» Exercise instructions: No pictures, nothing altered: return the data below.
.....
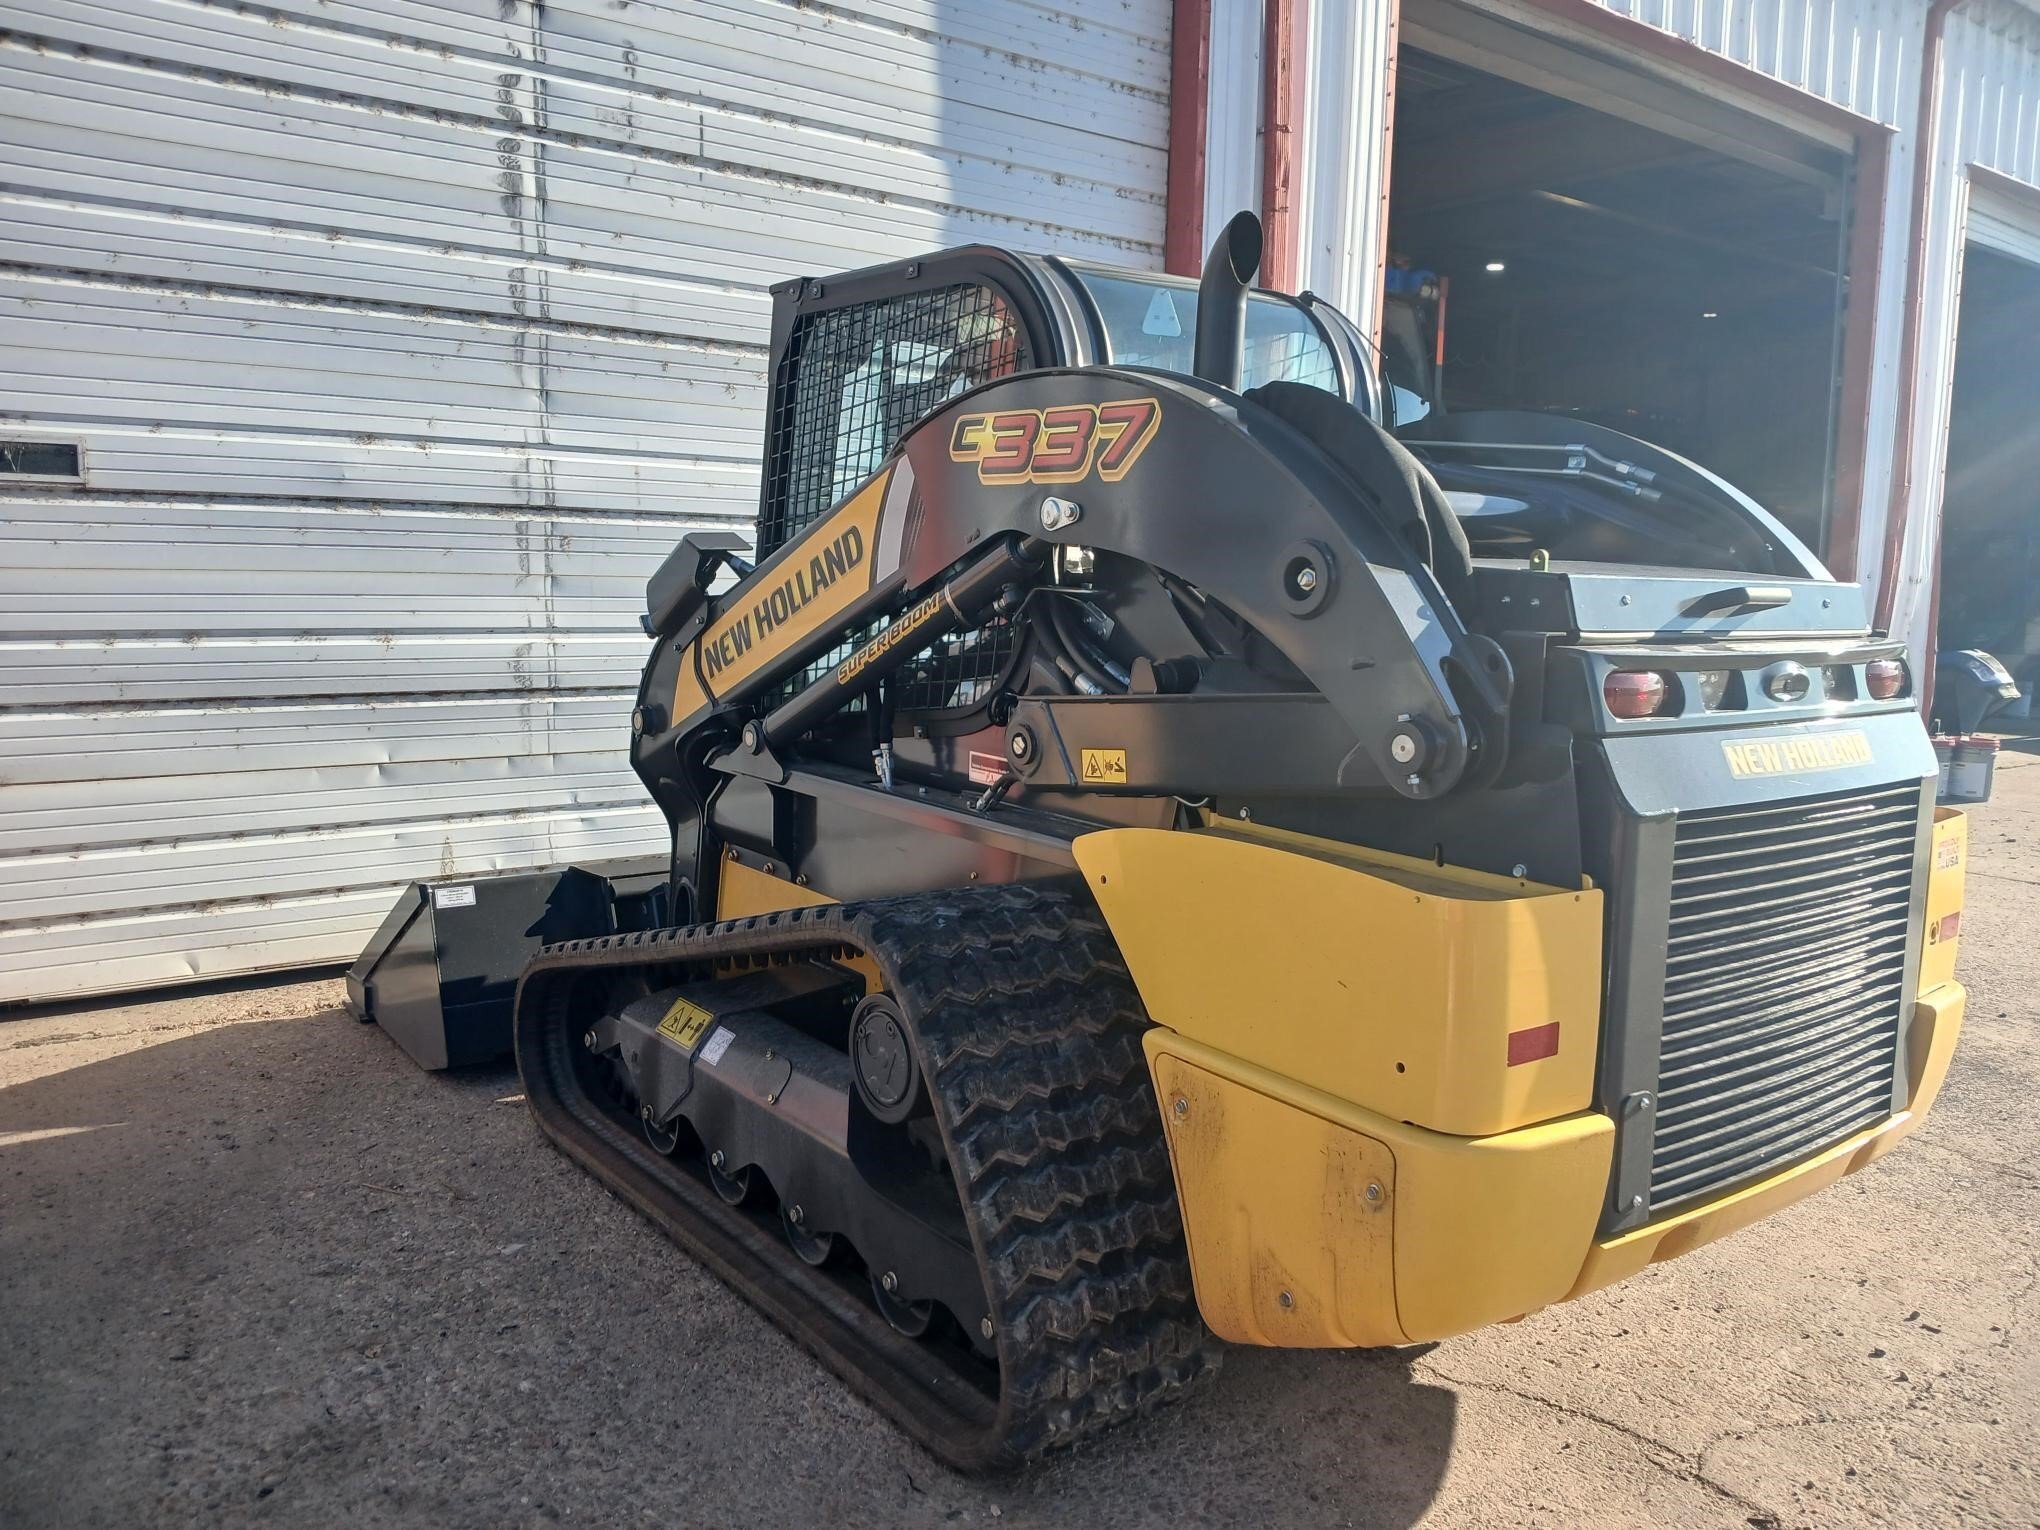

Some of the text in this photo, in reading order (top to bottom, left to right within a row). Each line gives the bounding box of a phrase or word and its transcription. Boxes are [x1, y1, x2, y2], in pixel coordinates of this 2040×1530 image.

[950, 398, 1162, 485] C337
[704, 525, 864, 680] NEW HOLLAND
[1725, 734, 1873, 775] NEW HOLLAND
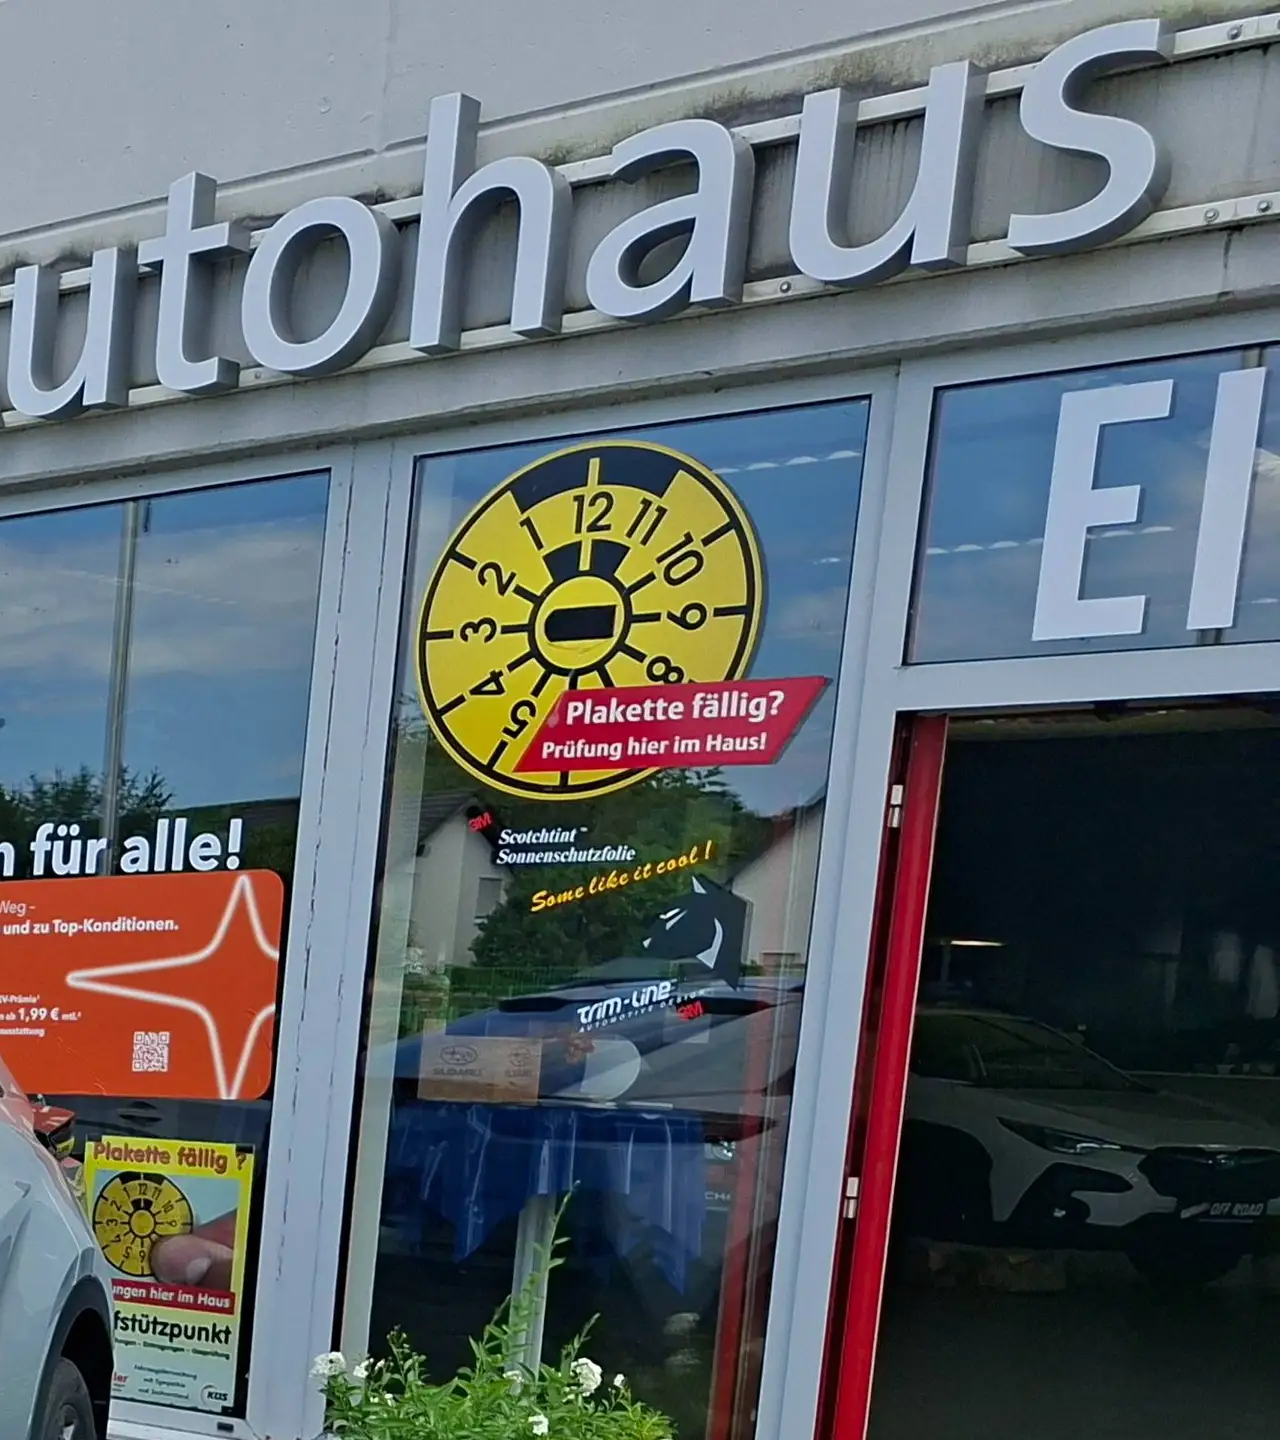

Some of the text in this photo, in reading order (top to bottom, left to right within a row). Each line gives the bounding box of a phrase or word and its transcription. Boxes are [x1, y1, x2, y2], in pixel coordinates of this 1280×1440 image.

[573, 491, 614, 534] 12
[625, 498, 669, 546] 11
[519, 517, 545, 550] 1
[656, 532, 705, 586] 10
[476, 561, 517, 596] 2
[459, 617, 497, 643] 3
[469, 669, 507, 699] 4
[502, 700, 536, 740] 5
[566, 690, 785, 726] Plakette fällig?
[542, 732, 767, 761] Prüfung hier im Haus!
[29, 823, 108, 875] für
[119, 817, 244, 872] alle!
[498, 827, 577, 845] Scotchtint
[495, 845, 636, 865] Sonnenschutzfolie
[530, 884, 585, 912] Some
[588, 871, 629, 894] like
[633, 864, 652, 880] it
[656, 849, 698, 873] cool
[3, 917, 30, 935] und
[33, 919, 50, 934] zu
[52, 915, 180, 936] Top-Konditionen.
[18, 1008, 48, 1022] 1,99
[50, 1008, 61, 1021] €
[93, 1142, 248, 1174] Plakette fällig ?
[112, 1285, 232, 1309] ungen hier im Haus
[113, 1310, 232, 1345] fstützpunkt
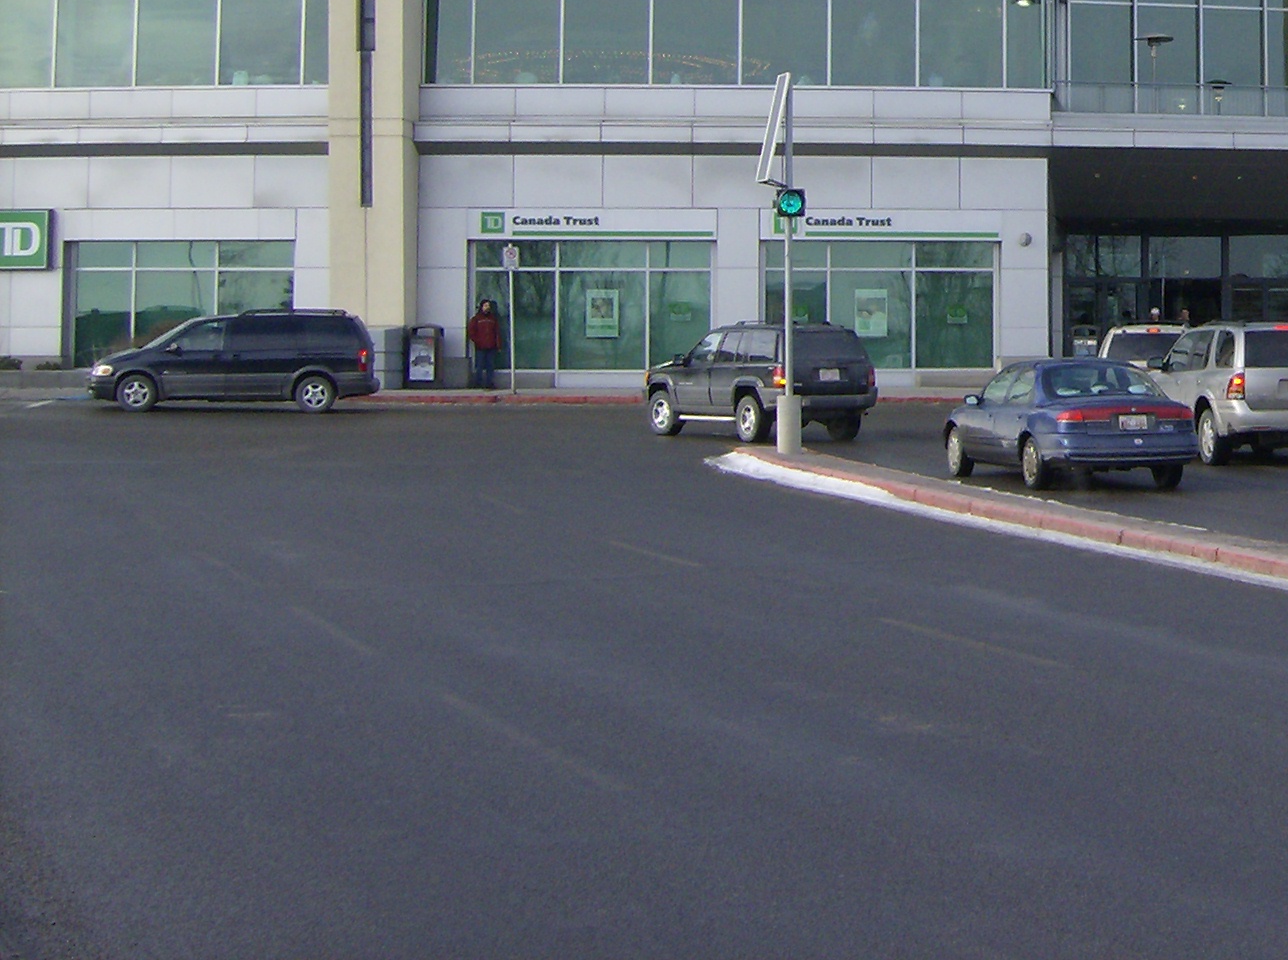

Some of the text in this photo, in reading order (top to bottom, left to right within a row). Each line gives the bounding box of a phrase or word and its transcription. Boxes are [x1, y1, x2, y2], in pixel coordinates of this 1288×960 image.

[484, 215, 600, 230] TD Canada Trust
[805, 216, 853, 227] Canada
[856, 216, 892, 227] Trust
[0, 222, 40, 256] TD
.....
» Exercise response:
Some of the text in this photo, in reading order (top to bottom, left to right within a row). Each line gives the bounding box of a phrase or word and its transcription. Boxes are [x1, y1, x2, y2], in pixel coordinates of this 2040×1530 image.

[950, 398, 1162, 485] C337
[704, 525, 864, 680] NEW HOLLAND
[1725, 734, 1873, 775] NEW HOLLAND

Some of the text in this photo, in reading order (top to bottom, left to right within a row). Each line gives the bounding box of a phrase or word and its transcription. Boxes are [x1, y1, x2, y2], in pixel coordinates of this 1280×1440 image.

[573, 491, 614, 534] 12
[625, 498, 669, 546] 11
[519, 517, 545, 550] 1
[656, 532, 705, 586] 10
[476, 561, 517, 596] 2
[459, 617, 497, 643] 3
[469, 669, 507, 699] 4
[502, 700, 536, 740] 5
[566, 690, 785, 726] Plakette fällig?
[542, 732, 767, 761] Prüfung hier im Haus!
[29, 823, 108, 875] für
[119, 817, 244, 872] alle!
[498, 827, 577, 845] Scotchtint
[495, 845, 636, 865] Sonnenschutzfolie
[530, 884, 585, 912] Some
[588, 871, 629, 894] like
[633, 864, 652, 880] it
[656, 849, 698, 873] cool
[3, 917, 30, 935] und
[33, 919, 50, 934] zu
[52, 915, 180, 936] Top-Konditionen.
[18, 1008, 48, 1022] 1,99
[50, 1008, 61, 1021] €
[93, 1142, 248, 1174] Plakette fällig ?
[112, 1285, 232, 1309] ungen hier im Haus
[113, 1310, 232, 1345] fstützpunkt

Some of the text in this photo, in reading order (top to bottom, left to right within a row). Each line gives the bounding box of a phrase or word and its transcription. Boxes are [x1, y1, x2, y2], in pixel coordinates of this 1288×960 image.

[484, 215, 600, 230] TD Canada Trust
[805, 216, 853, 227] Canada
[856, 216, 892, 227] Trust
[0, 222, 40, 256] TD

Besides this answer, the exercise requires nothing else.